## TASK DIRECTIONS
All the lines below need retyping exactly, apart from the images.

## Saved data entries
--- --- ---

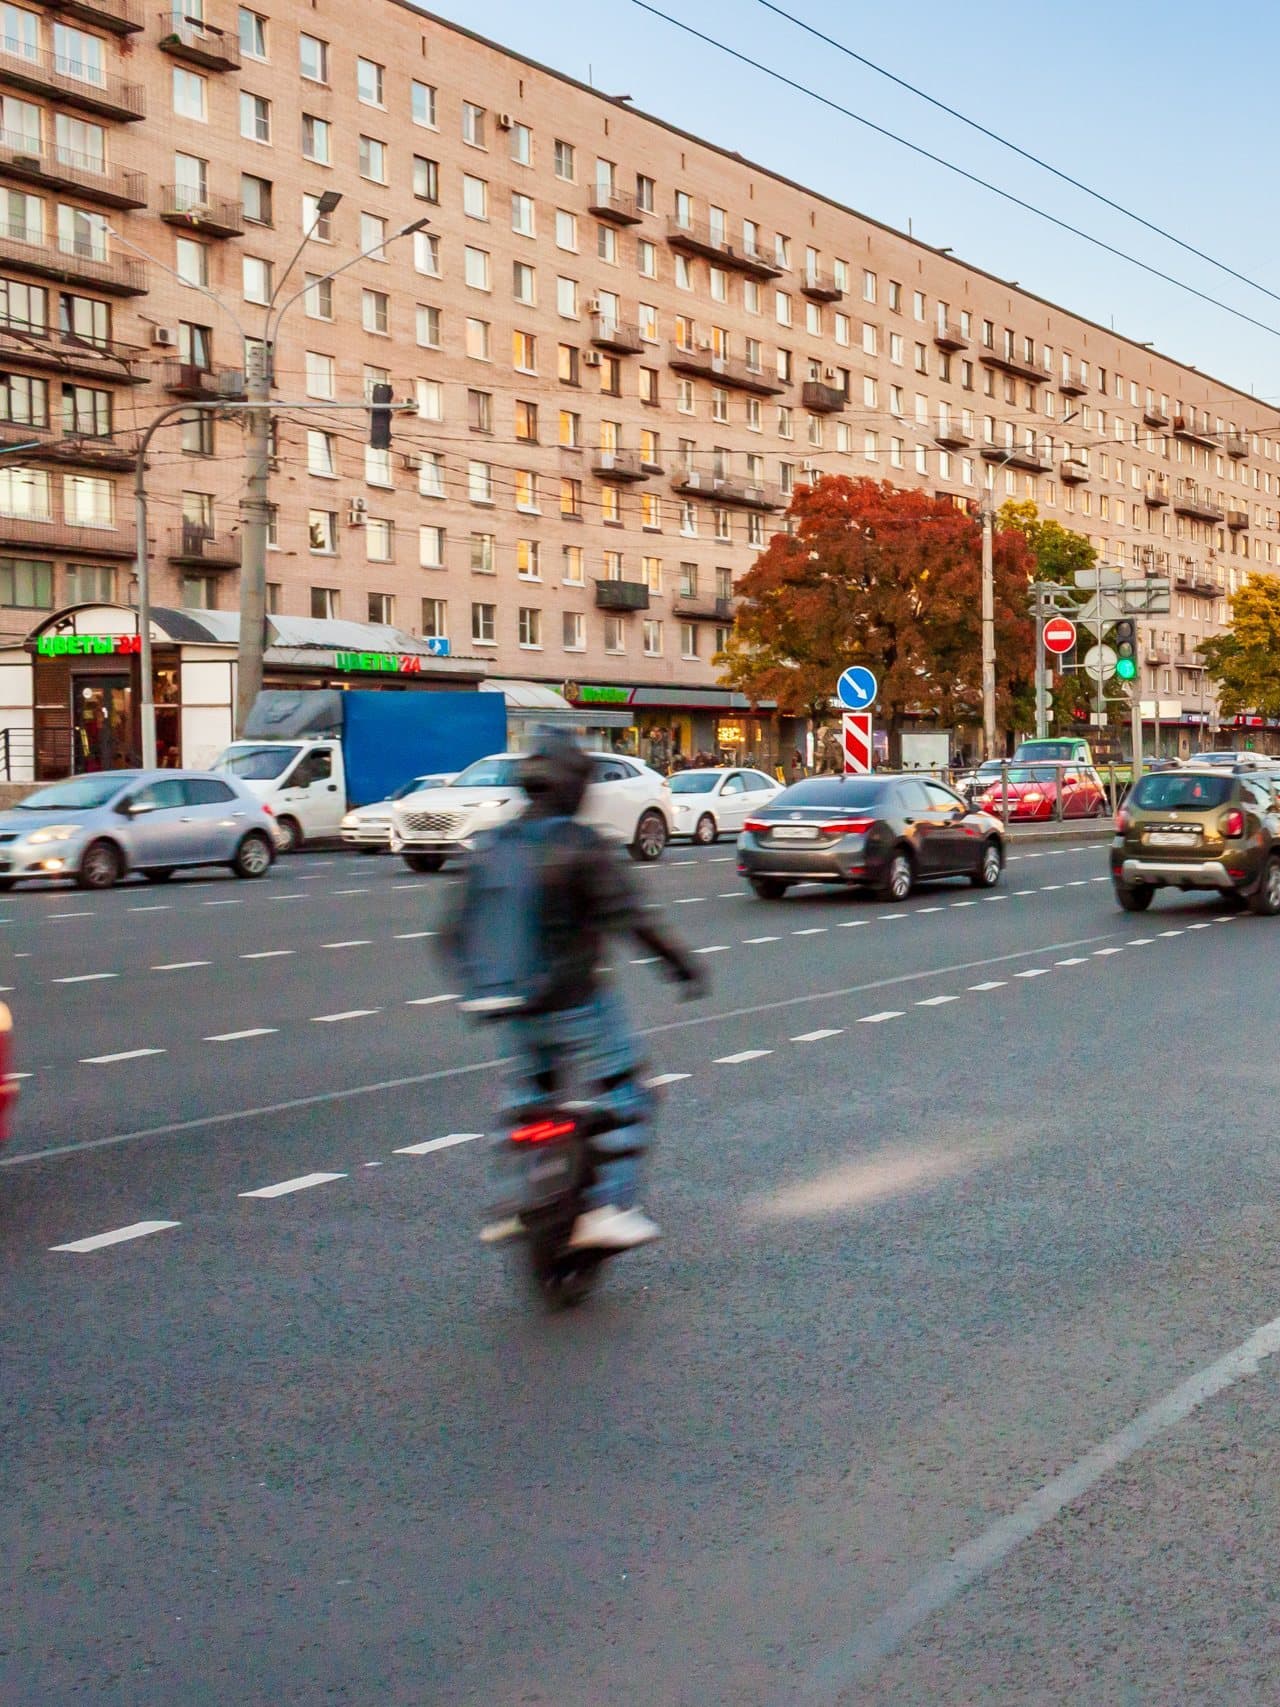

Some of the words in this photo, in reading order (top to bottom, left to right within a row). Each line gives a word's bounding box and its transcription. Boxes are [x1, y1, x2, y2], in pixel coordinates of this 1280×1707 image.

[38, 634, 114, 657] ЦВЕТЫ
[118, 634, 142, 654] 24
[336, 652, 398, 672] ЦВЕТЫ
[400, 655, 421, 673] 24
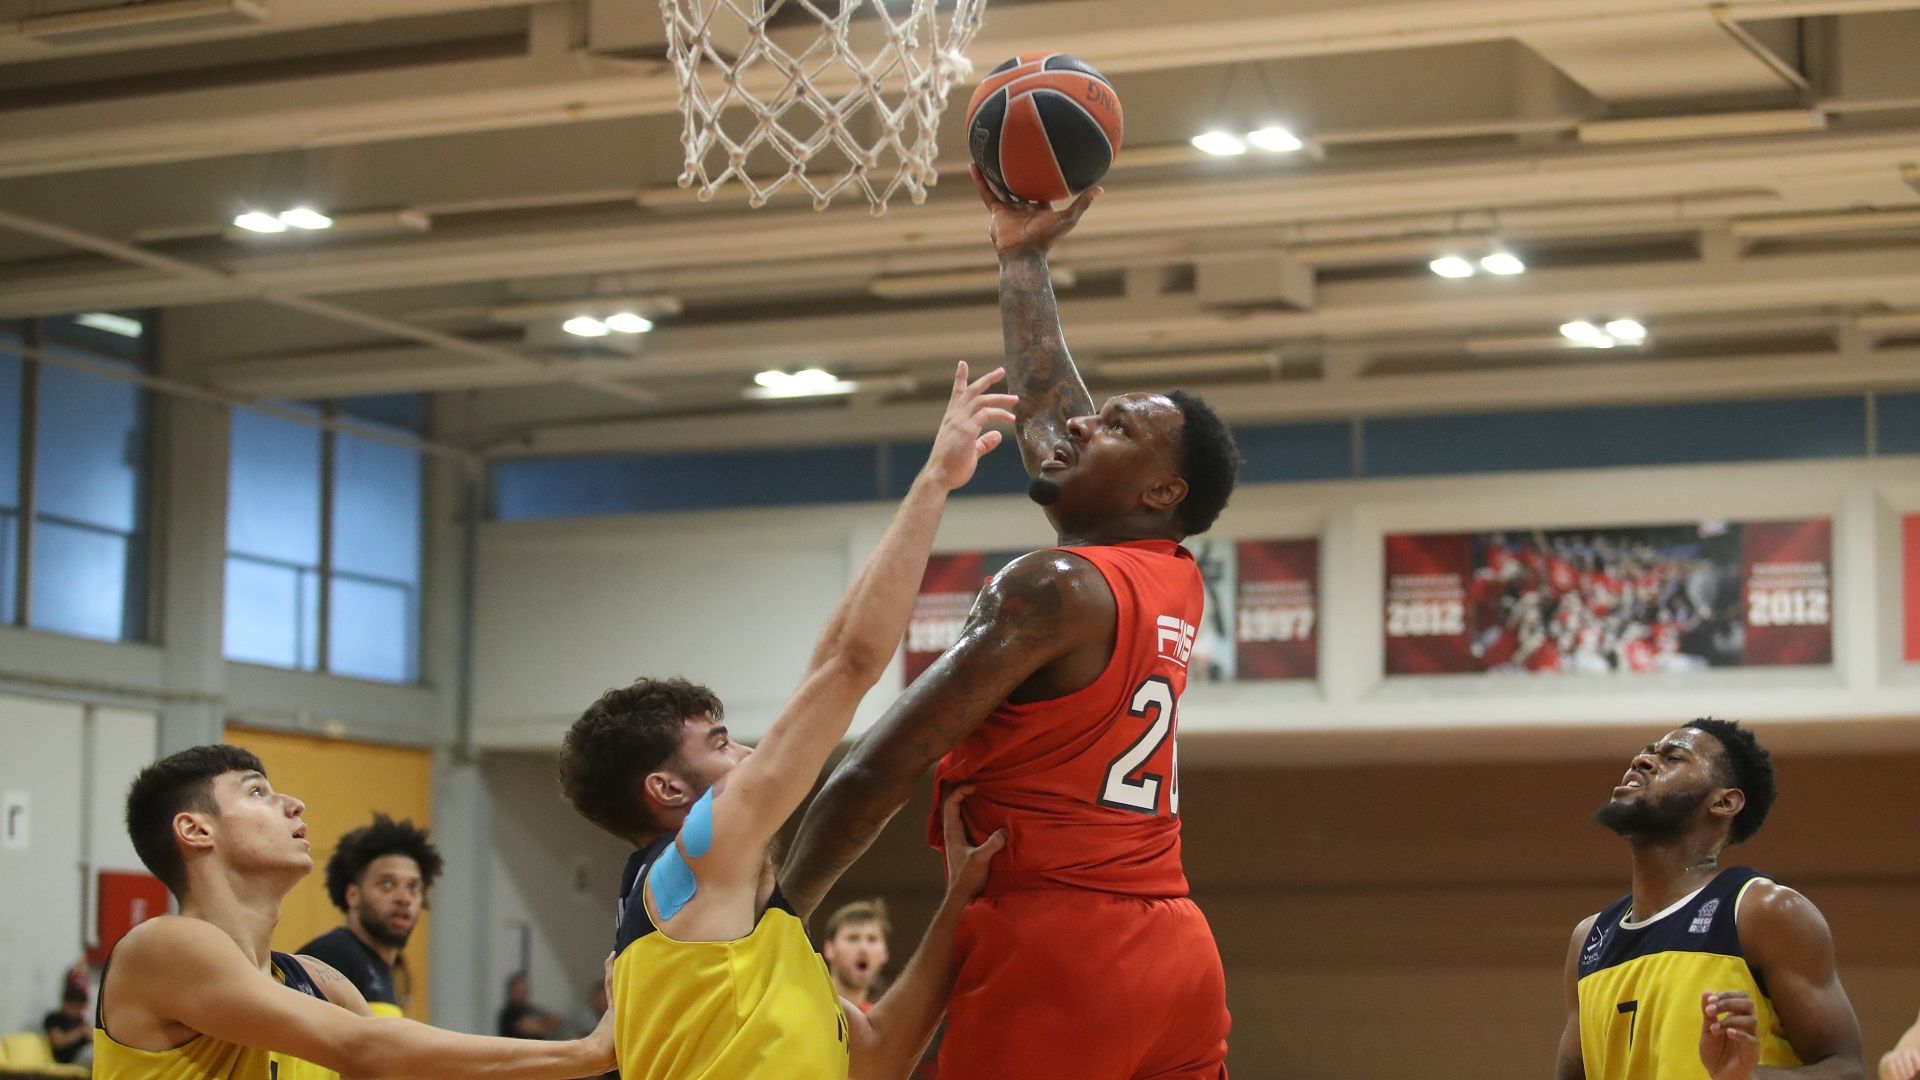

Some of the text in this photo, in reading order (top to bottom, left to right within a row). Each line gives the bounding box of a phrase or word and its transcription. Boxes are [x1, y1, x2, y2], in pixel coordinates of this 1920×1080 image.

[1389, 601, 1465, 636] 2012
[1748, 591, 1828, 626] 2012
[1097, 675, 1179, 819] 2
[1617, 1000, 1638, 1050] 7

--- --- ---

## RESULT OF THE TASK
Some of the words in this photo, in reading order (top to bottom, left to right within a row). Each line gives a word's bounding box and its transcription. Boxes are [x1, y1, x2, y2], in pixel coordinates of this 1280×1707 image.

[38, 634, 114, 657] ЦВЕТЫ
[118, 634, 142, 654] 24
[336, 652, 398, 672] ЦВЕТЫ
[400, 655, 421, 673] 24

Some of the text in this photo, in reading order (top to bottom, left to right within a row). Each line gives the bounding box of a phrase or word and its transcription. Boxes are [x1, y1, x2, y2], in pixel coordinates of this 1920×1080 image.

[1389, 601, 1465, 636] 2012
[1748, 591, 1828, 626] 2012
[1097, 675, 1179, 819] 2
[1617, 1000, 1638, 1050] 7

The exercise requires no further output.